Codification of science

References to science are common in marketing and have been proven to have positive effects on consumers (Pitrelli et al., Citation2006). Studies of scientific language in skin-care advertisements show that persuasion strategies, such as the presence of science and medical expertise, the presentation of statistics, the mixture of familiar scientific terms with unintelligible scientific terminologies, and positioning products as scientific innovations as an answer to (skin) problems, allow advertisers to take advantage of the social impact of science (Arroyo, Citation2013; Chen, Citation2015). Research of probiotic yoghurt advertising demonstrates that referring to science is a way to stress the products’ positive effects and provide consumers with hope and promises (Burges Watson et al., Citation2009). Also studying the marketing of probiotic yoghurt, Koteyko (Citation2009; see also Koteyko & Nerlick, Citation2007) shows that using references to science is a way to add health-values to the products. Marketers rely on the authority and opaqueness of science and frequently use phrases like ‘research shows’, ‘experts suggest’, and ‘studies have found’. Science can also sometimes be used to, as Jovanovic (Citation2014) points out in her analysis of Becel’s use of statistics, amplify risks and the fear of illnesses associated with competitors’ products. These studies provide important insights into and stress the need to further study the use of science in food marketing, but little to no attention has been paid to the way integrated design and the affordances of infographics are used to recontextualise science for marketisation and legitimisation.

Given this background, we look at how infographics, with integrated design, are used to transform the language of science for the codification and commodification of food and health discourse. Of course, science is signalled through language and expert statements, but it also relies heavily upon, we show, the affordances of these semiotic resources. As we will also show, infographics and integrated design do not only communicate logic and rationality but also gloss over important details in order to legitimise the drinks. Processes, causalities, relationships, classifications and agency are abstracted or concealed. This allows these products to appear as a quick-fix and one-size-fits-all solution for the demand carried in the neoliberal ideology that we self-care, self-improve and self-manage.

Method and data

The analysis draws on the theory and analytical tools of MCDA (Ledin & Machin, Citation2018; Machin & Myar, Citation2012). Aligned with the basic principles of CDA, MCDA studies the role of discourse in the functioning of social and political life. Discourse here points to a form of knowledge, significant for the way people think and act in particular situations (Fairclough, Citation1992; Foucault, Citation1972; Machin & Myar, Citation2012). The aim is to critically analyse how texts, through language and other semiotic resources, carry discourses that legitimise and maintain social inequalities and injustices and support the interests of the powerful in society.
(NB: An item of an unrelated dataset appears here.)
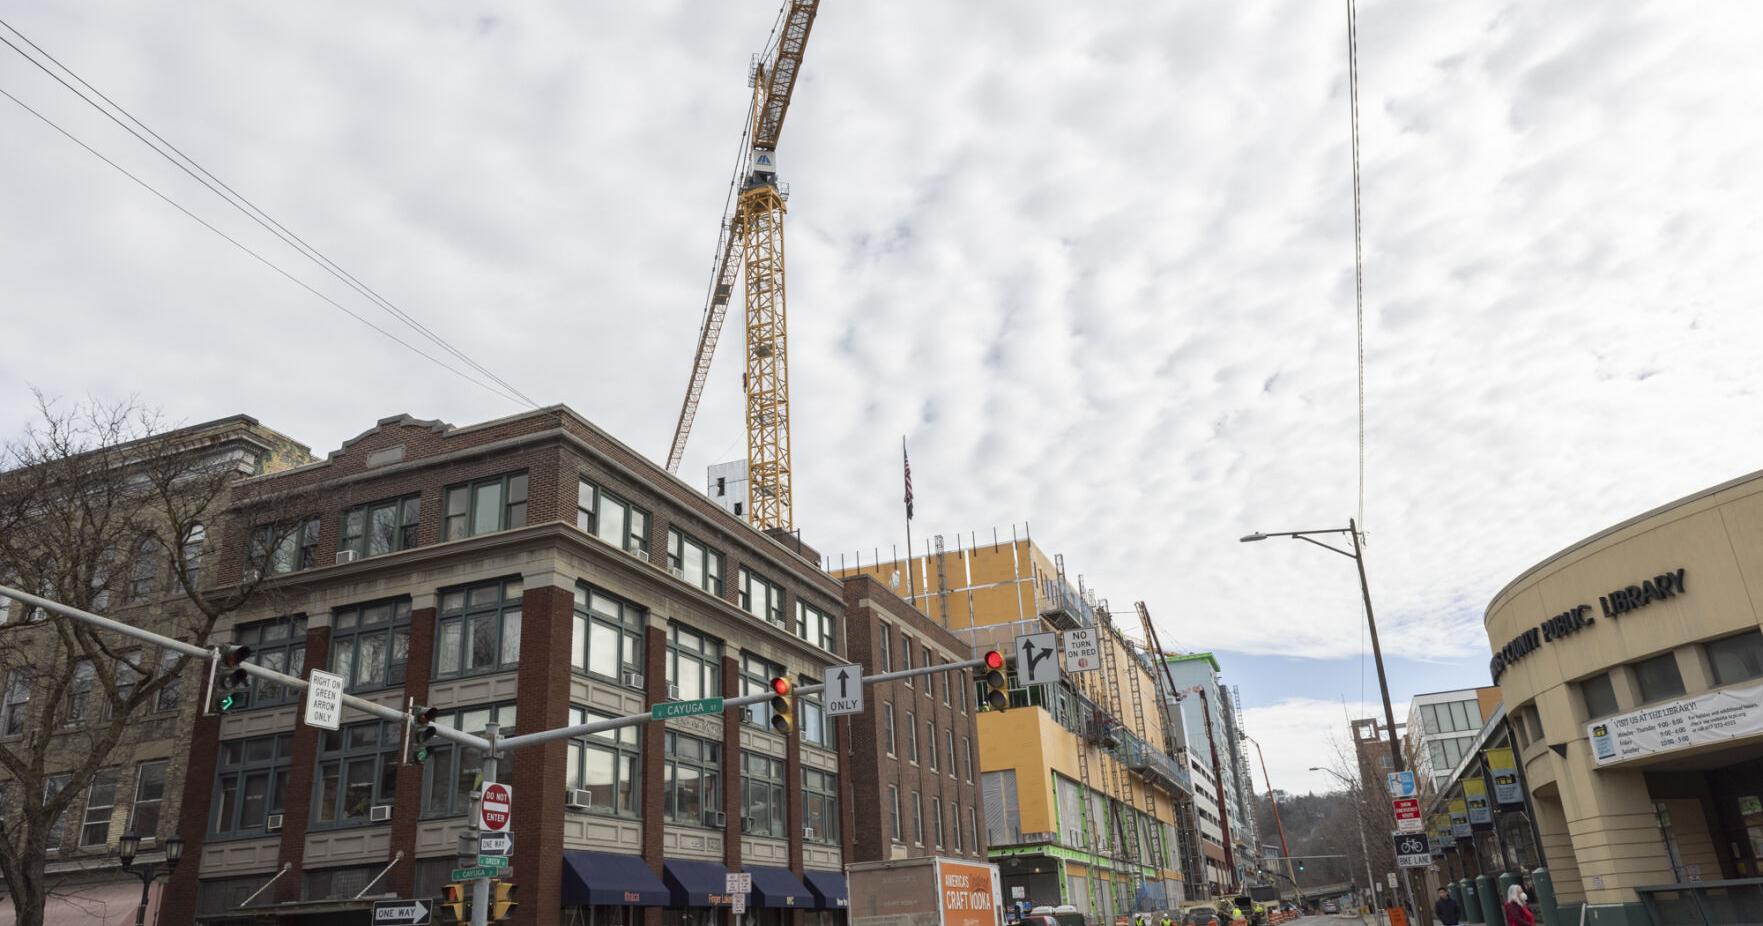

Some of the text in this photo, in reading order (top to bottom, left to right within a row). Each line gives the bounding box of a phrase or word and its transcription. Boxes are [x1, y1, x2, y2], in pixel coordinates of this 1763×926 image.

A key principle of MCDA is to analyse communication as in terms of the choices the communicator deploys from a set of established semiotic resources. Semiotic resources have certain meaning potentials and can be applied for specific contexts and purposes, which means that discourses can be manipulated to sustain certain ideologies (Kress, Citation2010; Van Leeuwen, Citation2005). Semiotic resources are deployed as part of semiotic materials, with which we interact and use as part of social practices, such as a website, a food package, a photograph, an item of clothing, or a list or a graph. These materials have evolved to have affordances, meaning that we do some things, but not others, with them. And the concept of affordances is very important for the analysis we carry out here since the elements and features which comprise infographics and integrated designs bring a very specific set of these.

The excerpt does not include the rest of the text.